I didn't grow up with the parks, and other than a day spent park hopping three of them for the coasters on a comp ticket around 1998 or so, I didn't really visit the place as an adult until 2006 or so. I was dating Cath at the time, and we did several days around the resort before doing a few days at Universal after that (where I had been a passholder for a couple of years, despite living in Cleveland). We stayed at Pop Century, and we did the whole dining plan and magical express from the airport, and it was a lot of fun. It was too much damn food, but still a lot of fun. Having grown up with Cedar Point, this was a different experience, one that seemed to revolve more around food, but I wasn't complaining.

A couple of years after that, Diana and I would visit a couple of times, and after Simon was born, we moved to Orlando for a number of reasons. It was mostly weather, cost of living and job opportunities, but it didn't hurt to have theme parks, obviously. After scoping out the area, I really liked the area west and north of Disney, which just eight years ago was barely developed, compared to now. We ended up building two houses there.

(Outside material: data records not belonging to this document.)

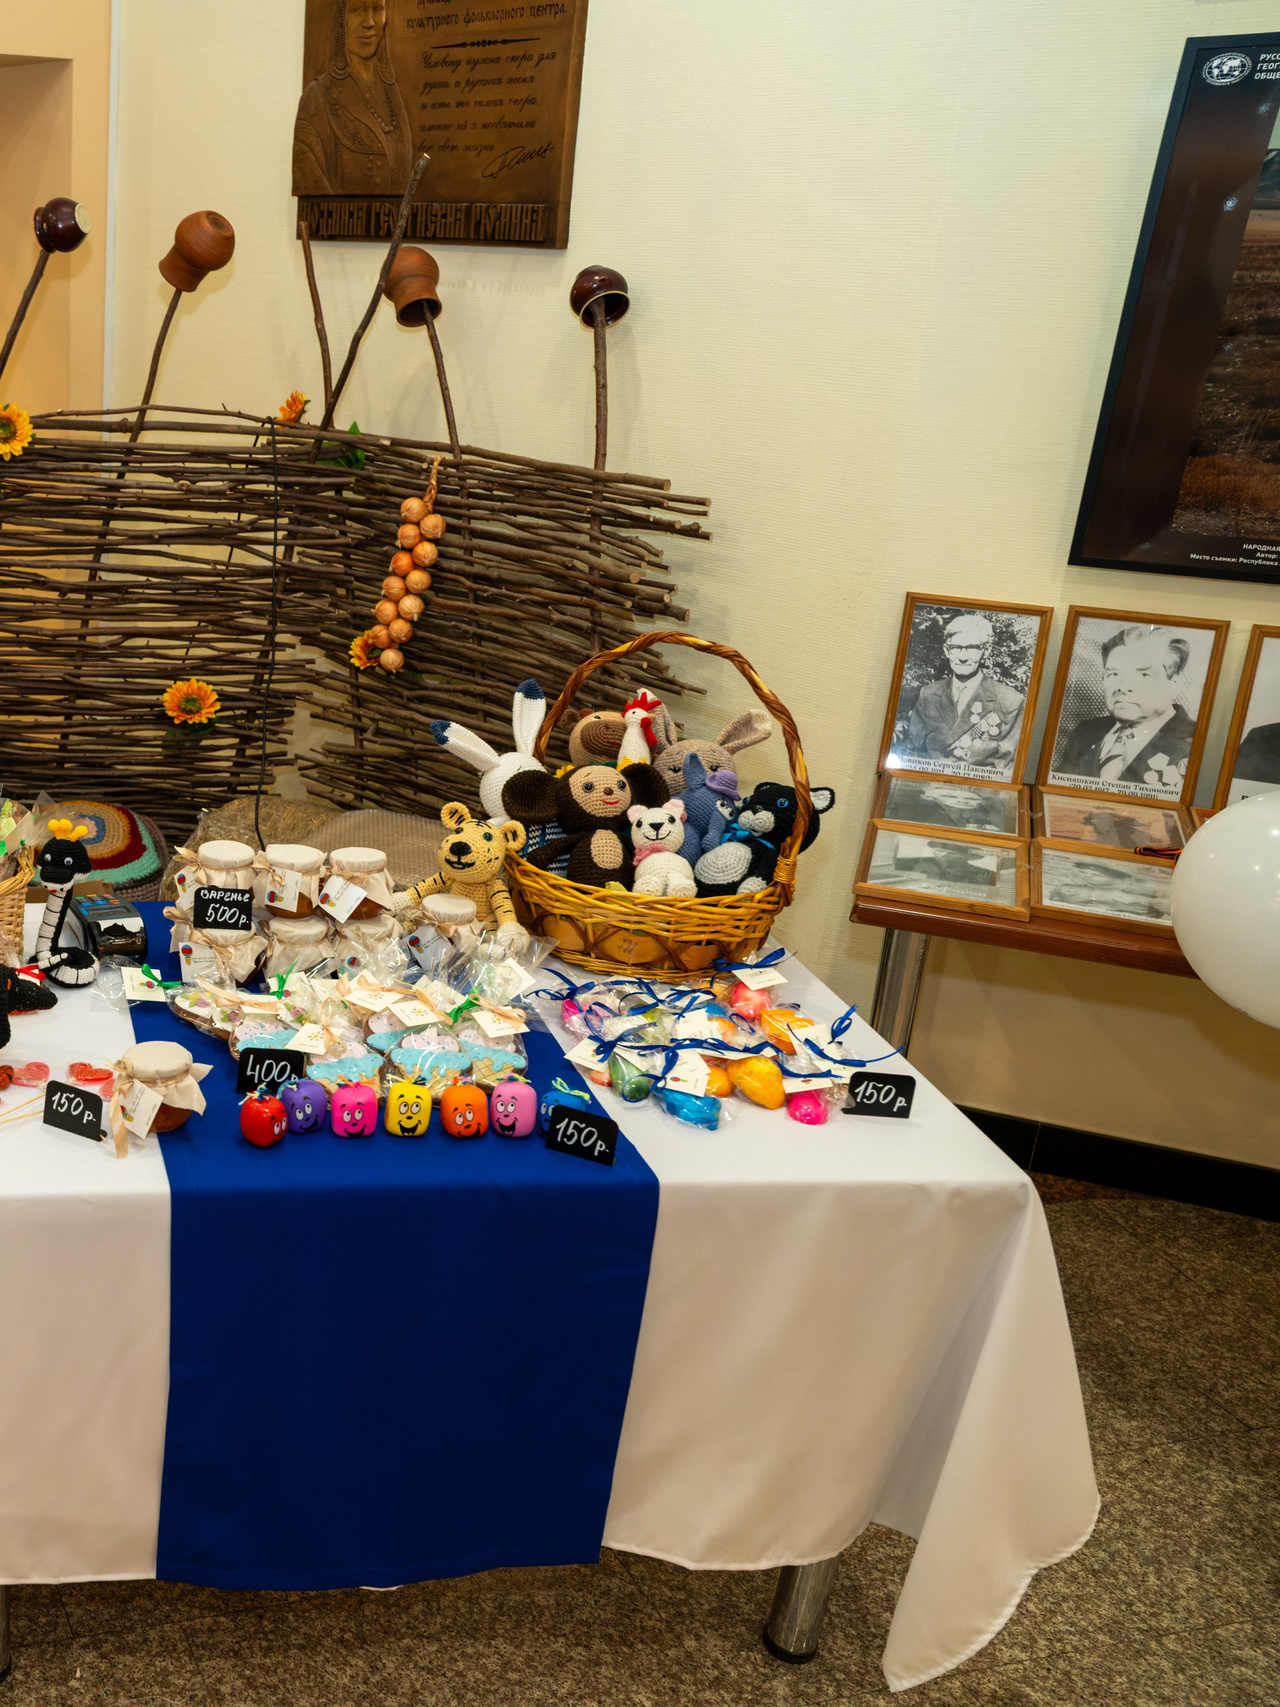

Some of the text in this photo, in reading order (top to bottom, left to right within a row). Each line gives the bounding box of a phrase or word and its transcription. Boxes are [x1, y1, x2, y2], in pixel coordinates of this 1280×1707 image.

[406, 2, 568, 34] культурного фольклорного центра.
[534, 51, 557, 69] для
[461, 75, 503, 94] русская
[371, 202, 467, 239] ГЕОГИЕВНА
[1190, 553, 1278, 567] Место съемки: Республика
[1255, 552, 1278, 560] Автор:
[933, 760, 962, 771] Сергей
[963, 764, 1005, 776] Павлович
[1101, 780, 1132, 791] Степан
[1133, 784, 1179, 796] Тихонович

I arrived here a week earlier to start a job, but within 24 hours of Simon and Diana arriving, we made our first trip to Magic Kingdom. It's not that I didn't appreciate the park pre-parenthood, but it was something different with a 3-year-old. To see his joy on the carousel and the train, and then meeting characters, those are really vivid memories. My inner theme park nerd also was pleased to see him so interested, even at that age, in how things worked. He would come home and arrange blocks on the floor to create "rides" with his cars, and use Lego wheels to pretend they advanced the cars.

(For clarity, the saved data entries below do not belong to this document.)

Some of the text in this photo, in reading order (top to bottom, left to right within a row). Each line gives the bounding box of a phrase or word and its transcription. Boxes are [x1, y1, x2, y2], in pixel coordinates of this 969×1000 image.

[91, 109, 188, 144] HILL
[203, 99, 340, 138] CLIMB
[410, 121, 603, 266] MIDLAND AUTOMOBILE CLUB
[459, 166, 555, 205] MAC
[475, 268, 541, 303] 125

Because we're so close, and our friends from around the country tend to all visit here eventually, having annual passes seems like a required cost of living. While we love a lot of Disney's IP, particularly the Star Wars and Marvel stuff, I'm not sure that I would consider any of us Disney "nuts." But when your backyard playground is WDW, well, that's where you go. The various Epcot festivals, especially Food & Wine, are annual happy times for us, filled with food, music (well, most years) and friends. We literally go there for lunch now and then.

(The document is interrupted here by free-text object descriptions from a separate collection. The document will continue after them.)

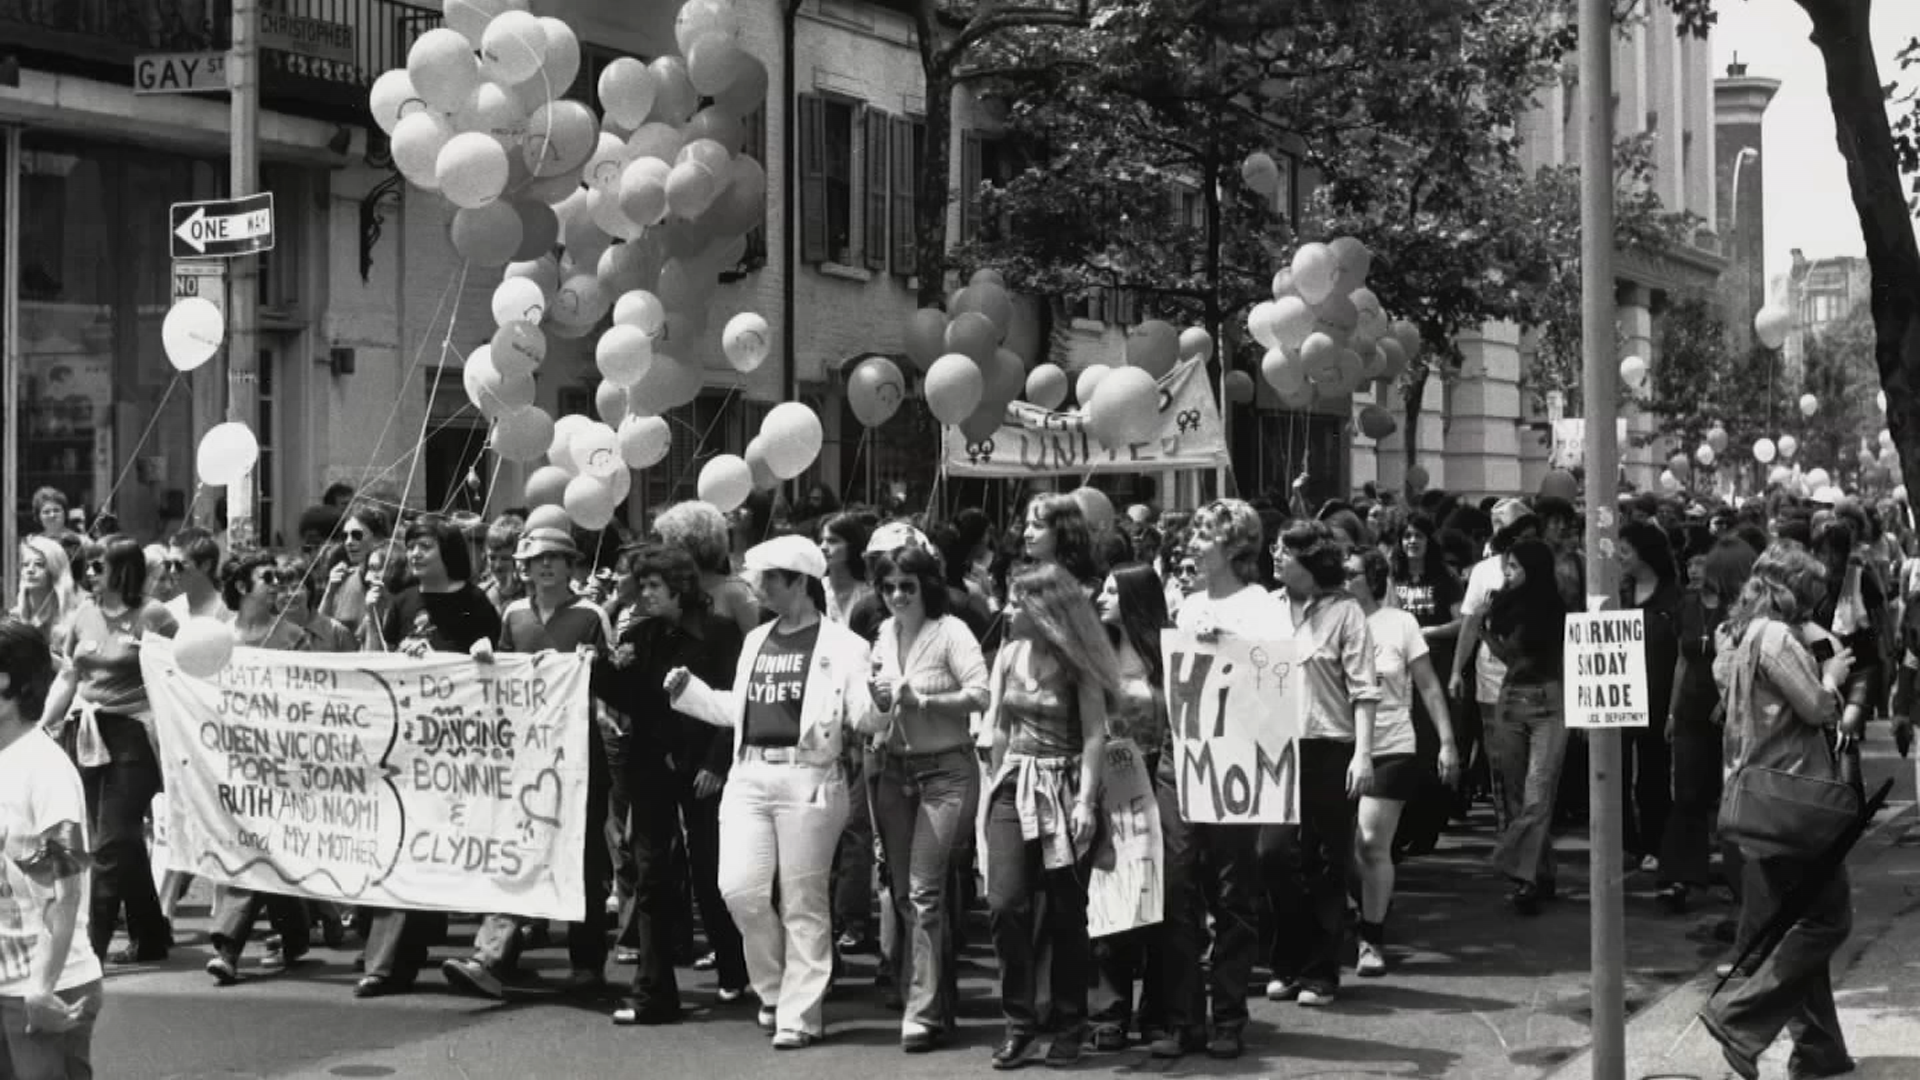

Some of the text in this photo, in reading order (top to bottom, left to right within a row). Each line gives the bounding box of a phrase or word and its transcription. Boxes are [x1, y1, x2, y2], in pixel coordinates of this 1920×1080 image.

[260, 13, 352, 48] CHRISTOPHER
[138, 58, 223, 88] GAY ST
[191, 219, 230, 239] ONE
[174, 277, 197, 295] NO
[1569, 619, 1643, 644] NO RKING
[286, 666, 337, 689] HARI
[755, 654, 804, 673] ONNIE
[420, 674, 547, 708] DO THEIR
[748, 682, 802, 704] LYDE'S
[1170, 652, 1232, 740] Hi
[217, 690, 371, 728] JOAN OF ARC
[200, 721, 371, 765] QUEEN VICTORIA
[416, 714, 553, 750] DANCING AT
[228, 755, 366, 794] POPE JOAN
[414, 758, 512, 800] BONNIE
[218, 784, 273, 817] RUTH
[278, 790, 317, 822] AND
[238, 824, 381, 868] and MY MOTHER
[409, 831, 522, 875] CLYDES

It's really amazing how much the parks have changed since we moved here in 2013. Back then, Seven Dwarfs wasn't even done yet at Magic Kingdom. They're still working on Tron over there. Animal Kingdom added the entire Avatar area. Hollywood Studios added all of the Toy Story and Star Wars Galaxy's Edge lands, plus Mickey and Minnie's Runaway Railway. Epcot was mostly stagnant other than adding another Soarin' theater, but then they blew away the entire center of the former Future World, added Remy's Ratatouille Adventure in France, and we're waiting for the Guardians of the Galaxy ride and the new areas in the middle. It seems like the "fans" hate all of the change, but I love it.

There's a lot of debate out there right now about the cost of what Disney offers, and whether or not they're outpricing some segment of the population. People have strong emotional feelings about the rat, and while I wouldn't broadly call it entitlement, a visit to Disney World does seem like an American rite of passage. It's a capital intensive business to be in, and the product seems to be good enough that people are finding a way to pay whatever it costs, because the parks aren't getting less popular (pandemic aside). I think we may take it for granted a bit, to see epic fireworks, get Dolewhip or ride Space Mountain, for little reason other than it's Tuesday. But pricing is relative. Compare the cost of a day at Disney to things like concerts, stage shows, sporting events, etc., and I think a day at the park is priced about right relative to those things.

Lots of exciting things right now, with the new night time shows at Epcot and Magic Kingdom, and the holidays aren't far off. Given the warm weather, it's hard for outside to "feel" like the holidays here without a theme park visit. I'm really looking forward to that. I also can't wait to see Spaceship Earth with its new lighting package, while under-glow monorails drive around it.

Happy anniversary, Walt Disney World. It's a bummer your namesake never got to see it open, let alone what it has become today.